The Independence Party of America (IPA) was a political party in the United States, founded on September 23, 2007 as a coalition of existing state parties bearing the Independence Party name. Its National Chairman was Frank MacKay, chairman of the Independence Party of New York. Dean Barkley, a former United States Senator and Independence Party of Minnesota activist, agreed to play an advisory role with the new party.

The Independence Party of Minnesota voted to affiliate with the new national party at its state convention on January 26, 2008, though it later disafilliated. The Reform Party of Pennsylvania affiliated on October 22, 2007 and the Independent Green Party of Virginia affiliated on January 10, 2008.

The party's website was defunct in April 2013. The various state parties each went their separate ways; for example, in the 2016 presidential election, the Minnesota party endorsed Evan McMullin and the New York party cross-endorsed Libertarian nominee Gary Johnson.

==2009 legal action==

A long-standing feud in the party involved John Blare, of the Reform Party of California, and the Reform Party officers.

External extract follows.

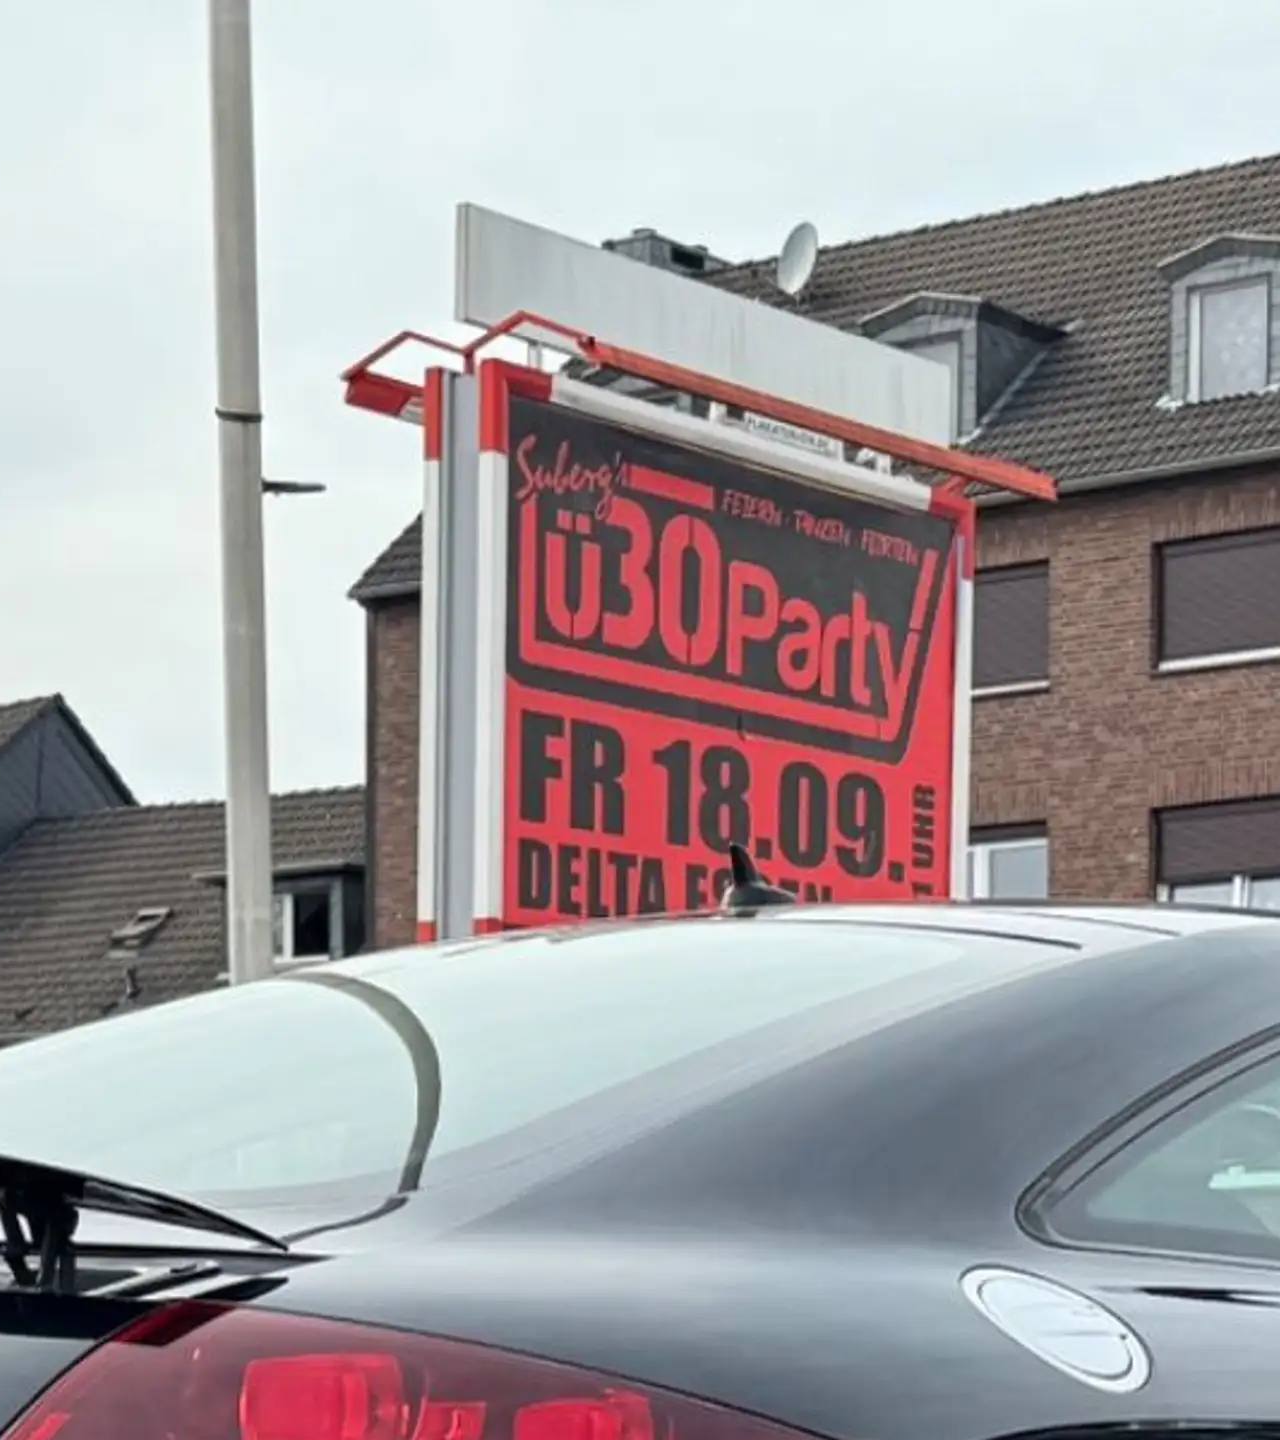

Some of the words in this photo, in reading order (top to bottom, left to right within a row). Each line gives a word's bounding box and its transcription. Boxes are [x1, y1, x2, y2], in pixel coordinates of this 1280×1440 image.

On December 4, 2009, a New York Federal judge heard MacKay v. Crews on the question of who were the legal Reform Party officers. On December 16, 2009 the judge ruled in favor of David Collison's faction.

Collison said: "After over two years of litigation in Texas and New York, it is my profound pleasure to announce that US District Court Judge Joseph Bianco of the Eastern District of New York has ruled in our favor, and has further reinforced the 2008 ruling of Judge Carl Ginsberg of the 193rd District Court in Texas."